Lourimar Viana Nascimento F. de Sousa, Vera Lúcia Santos, Andrea de Souza Monteiro, Marcus Vinicíus Dias-Souza, Sirlei Garcia Marques, Elaine Speziali de Faria, Elaine Alves de Oliveira Assunção, Simone Gonçalves dos Santos, Juan Moises Zonis, Daniel Gomes de Alvarenga, Rodrigo Assunção de Holanda, Jaqueline Gontijo de Sousa, Kênia Valéria dos Santos, Maria Aparecida de Resende Stoianoff

Abstract

Because of the inherent immunosuppression of cancer patients opportunistic infections by Candida spp, occur frequently. This study aimed to identify Candida species in the oral mucosa of 59 patients with orogastric cancer (OGC) and to analyze the immunological phenotype of these patients. The yeasts were identified by MALDI-TOF mass spectrometry (MS). For all isolates, we performed phospholipases and proteinases assays, in vitro adherence to buccal epithelial cells (BEC), minimum inhibitory concentration of antifungal drugs and determined the cytokine profile by Cytometric Bead Array flow citometry assay.

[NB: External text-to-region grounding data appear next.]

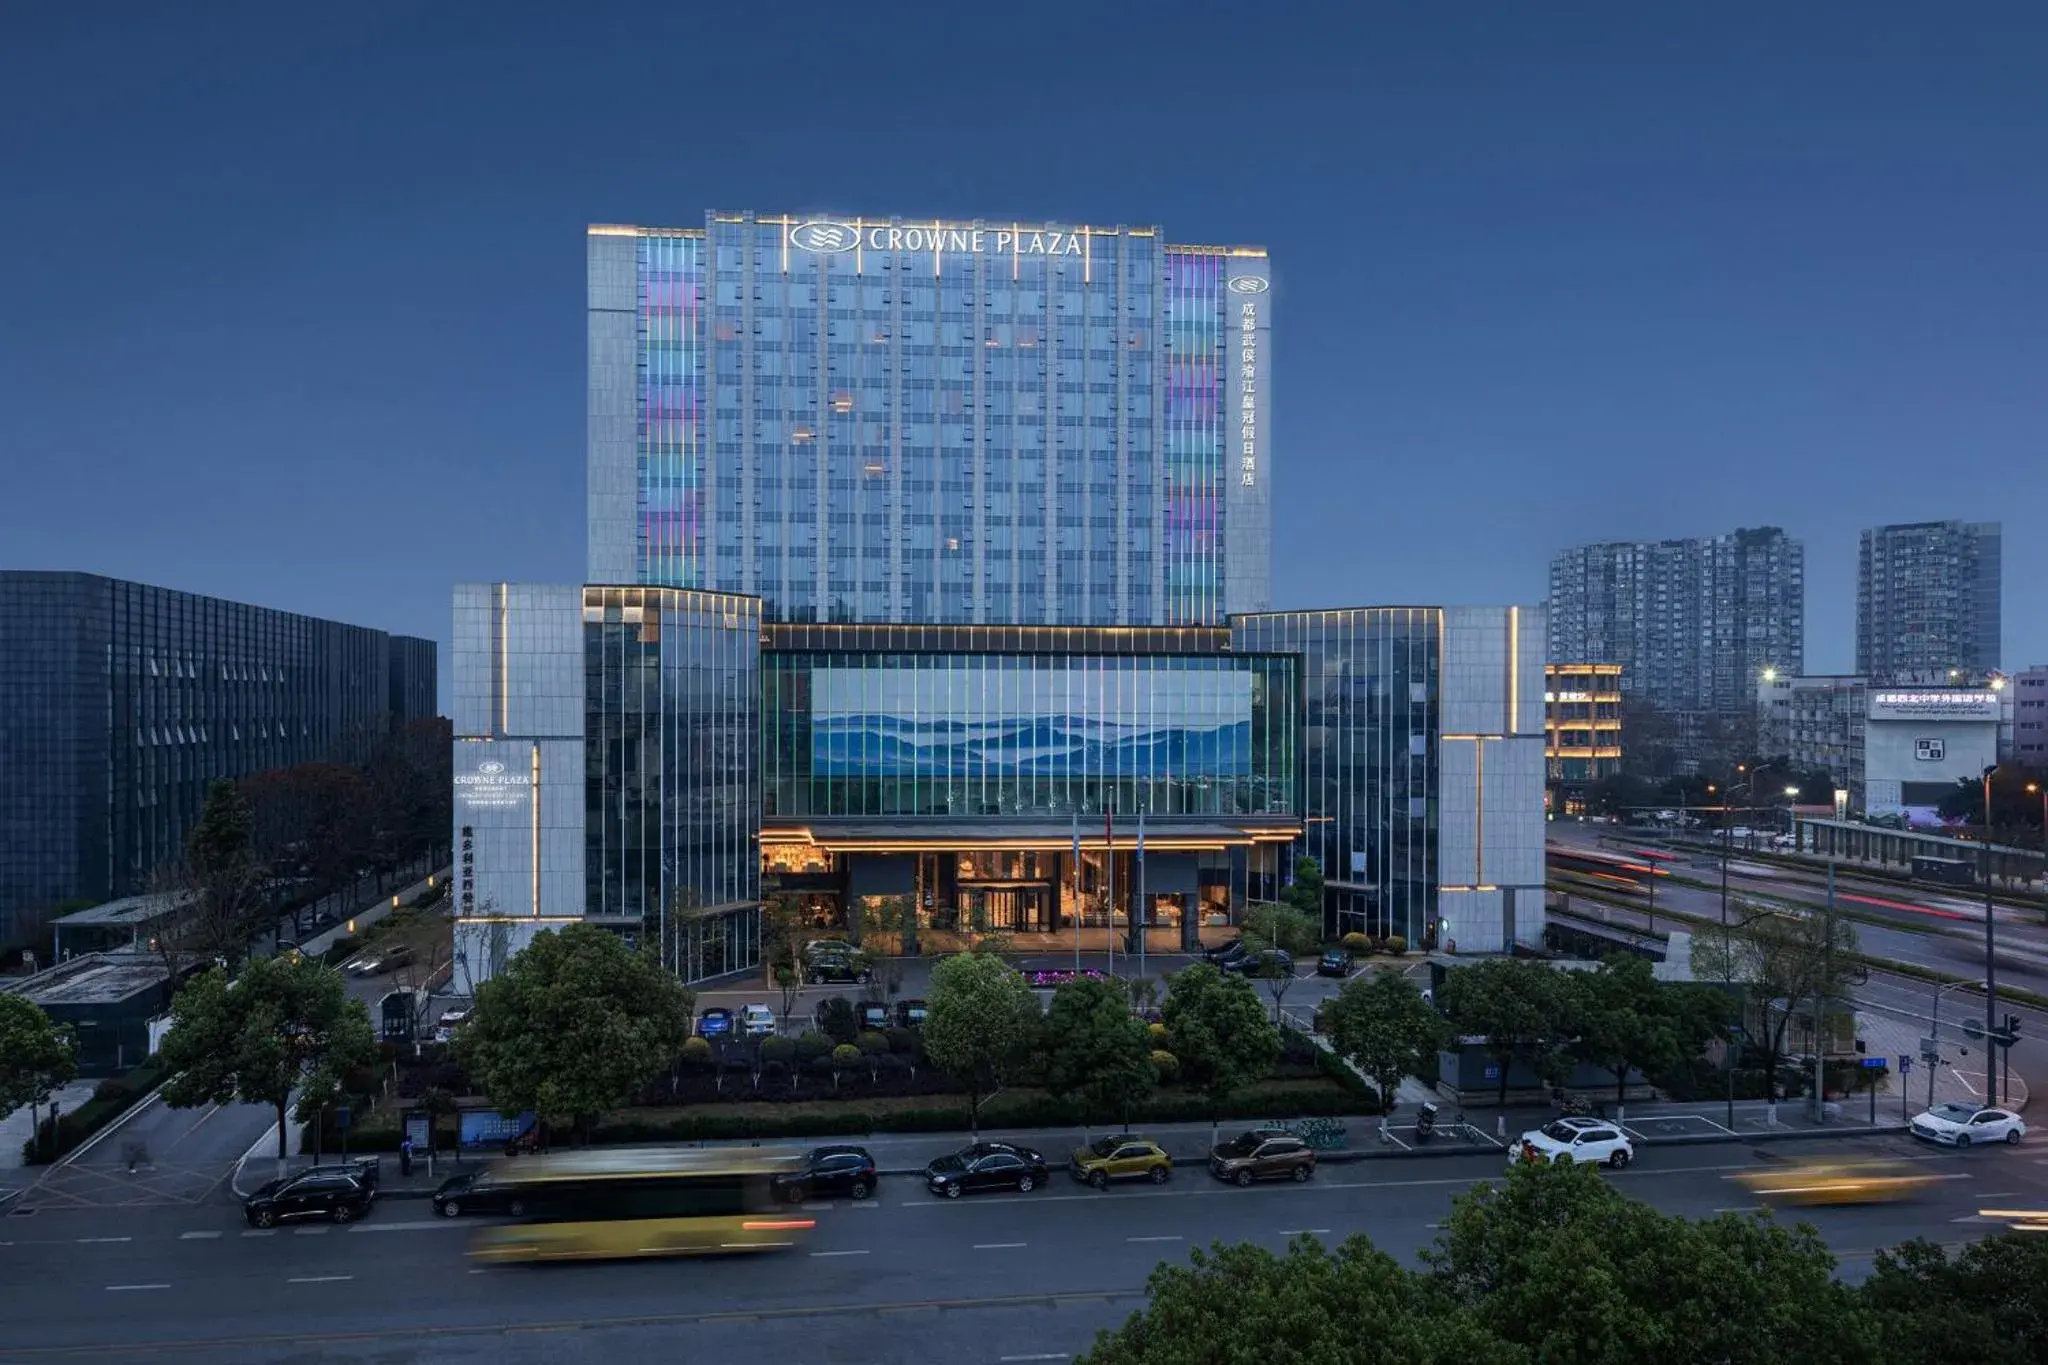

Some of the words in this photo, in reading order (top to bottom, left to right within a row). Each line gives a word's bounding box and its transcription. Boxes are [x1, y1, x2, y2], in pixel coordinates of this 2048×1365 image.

[870, 228, 984, 252] CROWNE
[997, 232, 1083, 255] PLAZA
[454, 776, 495, 785] CROWNE
[499, 776, 529, 785] PLAZA
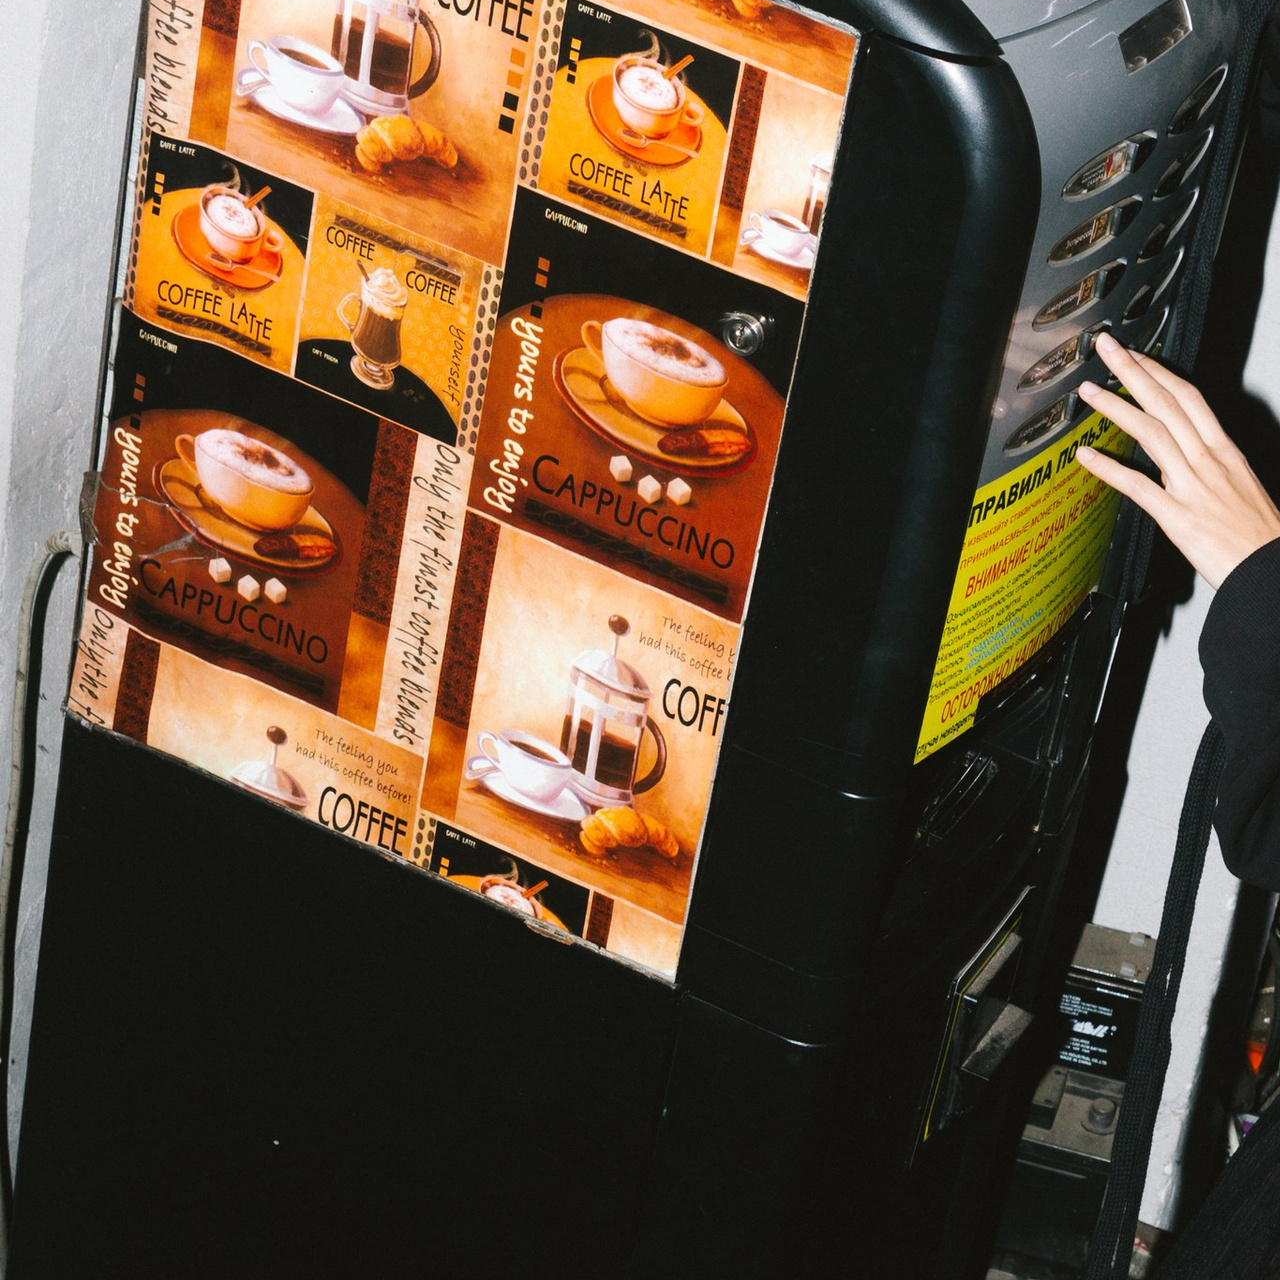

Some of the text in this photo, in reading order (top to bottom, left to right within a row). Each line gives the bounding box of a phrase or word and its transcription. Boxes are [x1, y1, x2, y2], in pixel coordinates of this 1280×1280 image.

[147, 51, 186, 133] blends
[569, 152, 689, 222] COFFEE LATTE
[326, 225, 376, 261] COFFEE
[157, 279, 273, 341] COFFEE LATTE
[405, 270, 457, 306] COFFEE
[442, 324, 466, 407] yourself
[483, 316, 544, 514] yours to enjoy
[99, 426, 143, 610] yours to enjoy
[532, 455, 735, 569] CAPPUCCINO
[968, 460, 1052, 527] ПРАВИЛА
[960, 522, 1029, 570] ПРИНИМАЕМЫЕ
[965, 541, 1033, 599] ВНИМАНИЕ!
[1034, 513, 1066, 555] СДАЧА
[1067, 499, 1082, 527] НЕ
[139, 558, 329, 665] CAPPUCCINO
[393, 444, 461, 746] Only the finest coffee blends
[639, 631, 661, 651] had
[665, 642, 686, 663] this
[689, 653, 723, 680] coffee
[662, 615, 681, 634] The
[685, 625, 726, 657] feeling
[296, 745, 412, 805] had this coffee before!
[315, 729, 399, 777] The feeling you
[318, 785, 408, 857] COFFEE
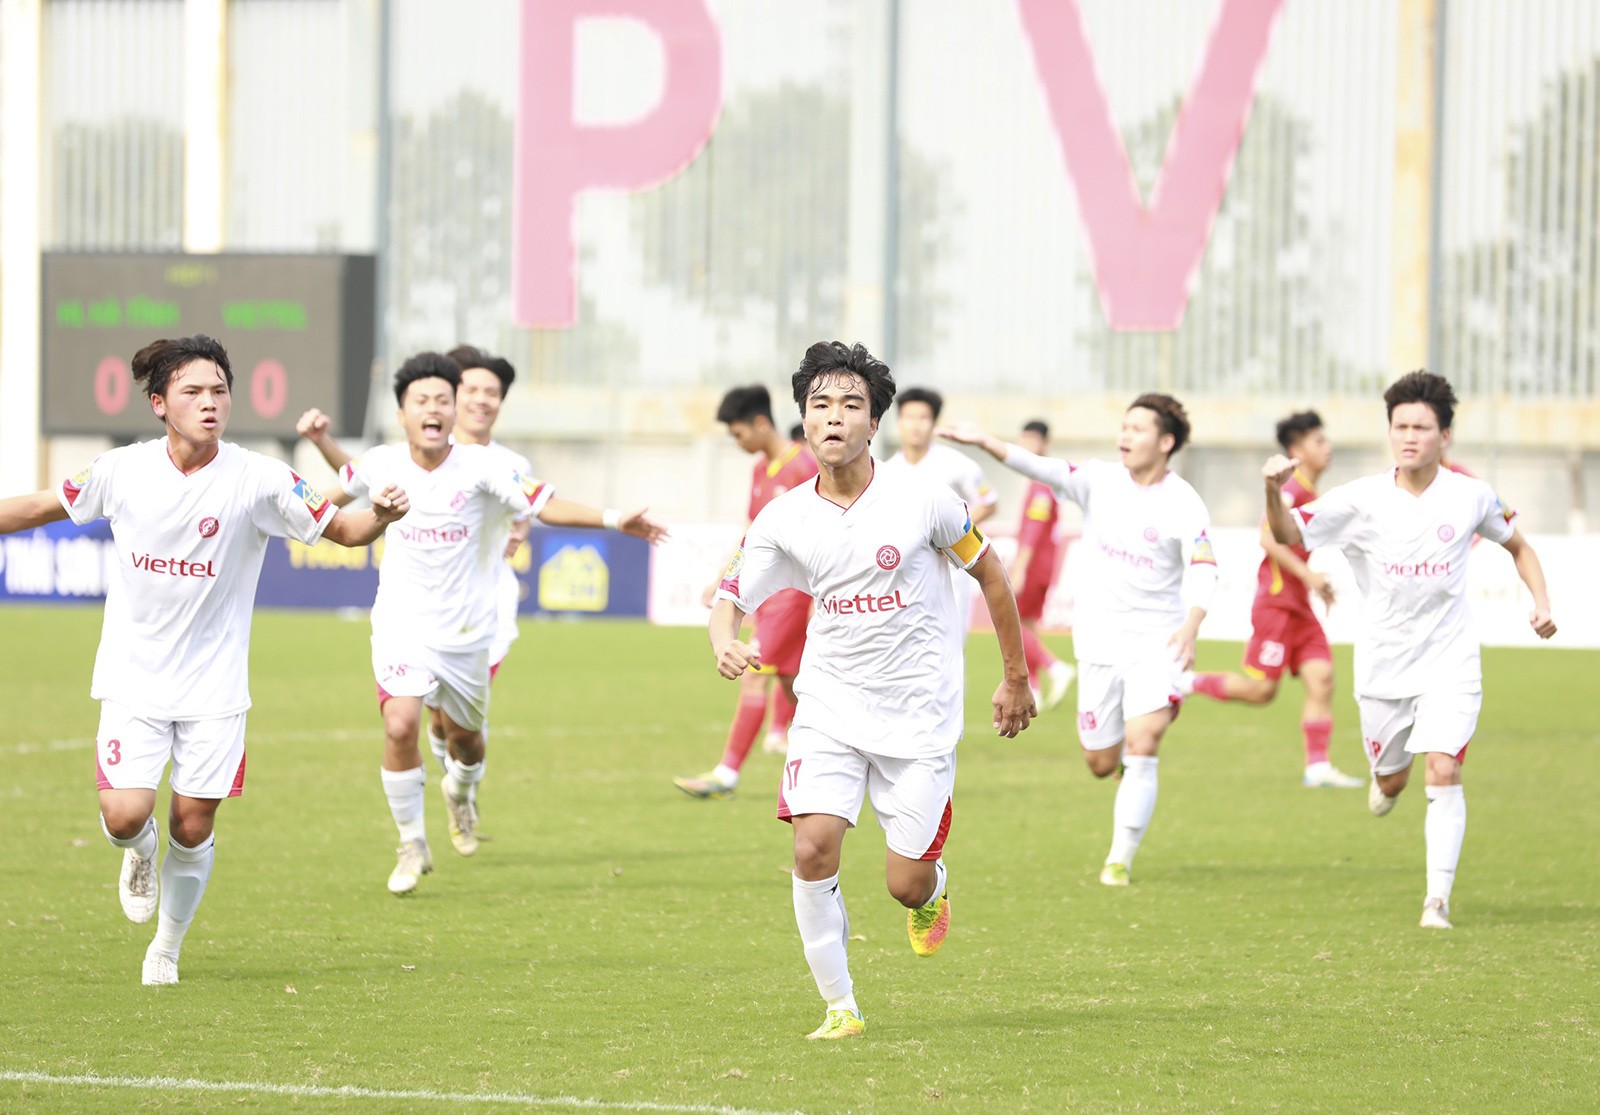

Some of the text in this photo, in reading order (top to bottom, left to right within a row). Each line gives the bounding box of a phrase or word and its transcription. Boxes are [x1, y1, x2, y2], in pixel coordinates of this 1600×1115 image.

[512, 0, 1284, 332] P V
[94, 354, 131, 417] 0
[251, 357, 288, 420] 0
[131, 551, 216, 577] viettel
[820, 589, 907, 615] viettel
[107, 738, 122, 766] 3
[785, 758, 802, 791] 17
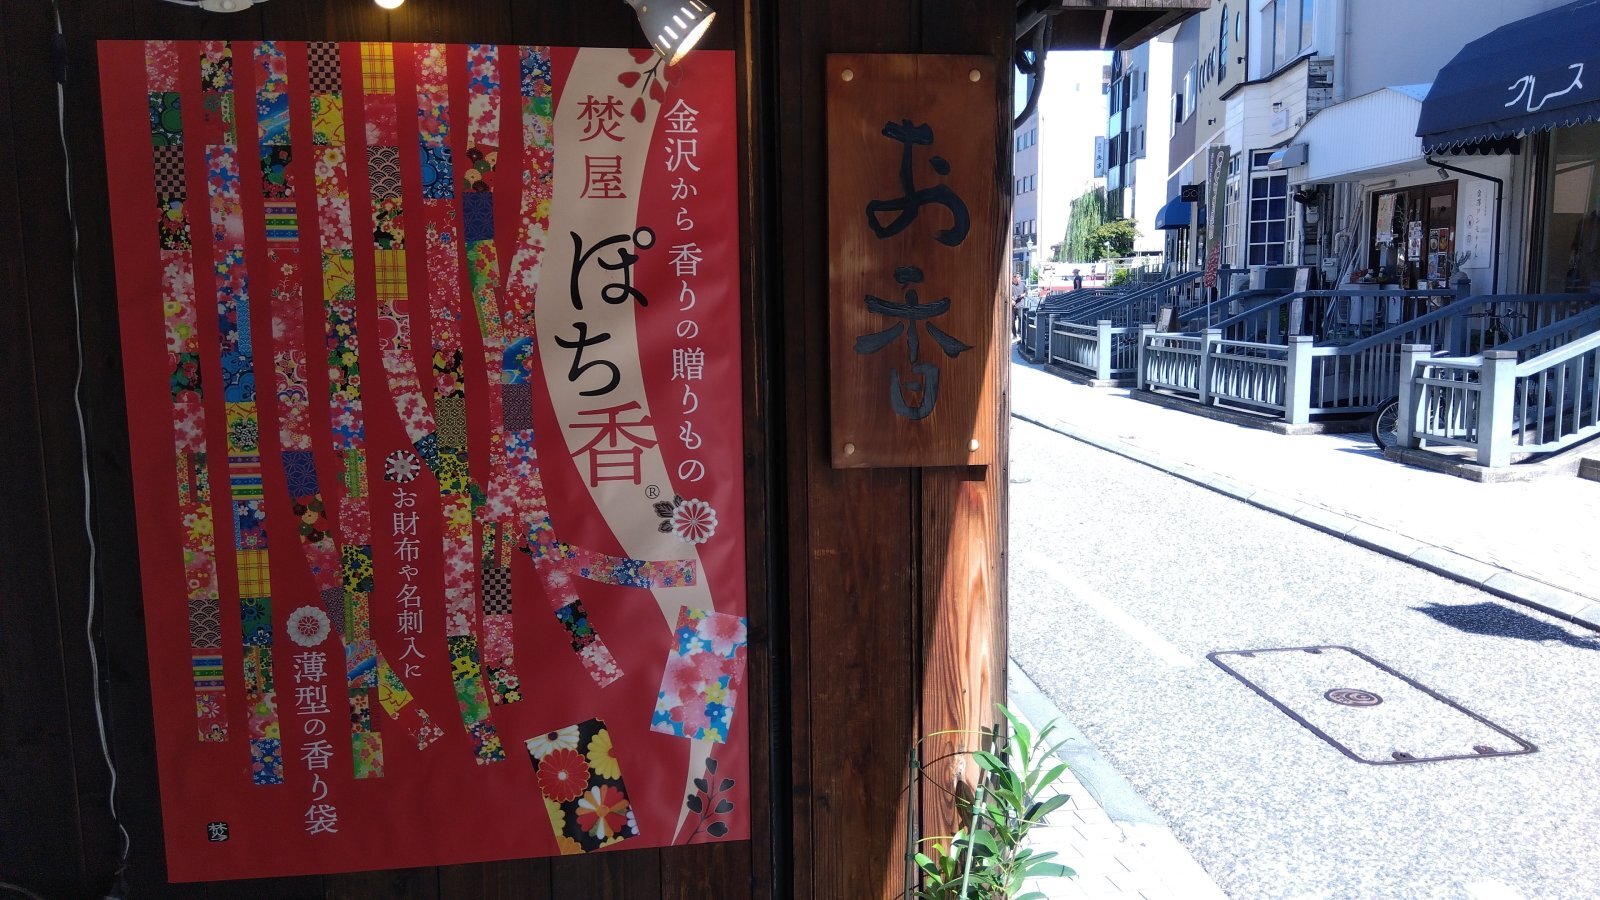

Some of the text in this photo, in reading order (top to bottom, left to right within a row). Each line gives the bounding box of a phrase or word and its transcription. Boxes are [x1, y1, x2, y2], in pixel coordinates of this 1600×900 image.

[576, 94, 627, 199] 焚屋
[554, 226, 659, 488] ぽち香
[663, 98, 705, 483] 金沢から香りの贈りもの
[853, 119, 976, 421] お香
[391, 487, 427, 679] お財布や名刺入に
[292, 651, 339, 836] 薄型の香り袋

C. albicans was the most prevalent species in OGC patients (51.6 %) and control group (66.7 %). Candida spp. strains isolated from OGC patients exhibited better adherence to BEC (p = 0.05) than did the control group. Phospholipases production by Candida strains from OGC patients was lower (51.6 %) than in the control group (61.9 %). Proteinases were detected in 41.9 % and 4.8 % of the yeasts from OGC patients and control group, respectively. Significant differences were found in the serum of OGC patients compared to the control group for IL-2, IL-10, TNF-α, IFN-γ and IL-17. The results of this work suggest increased virulence of yeasts isolated from OGC patients and, that this may interfere with the immune phenotype.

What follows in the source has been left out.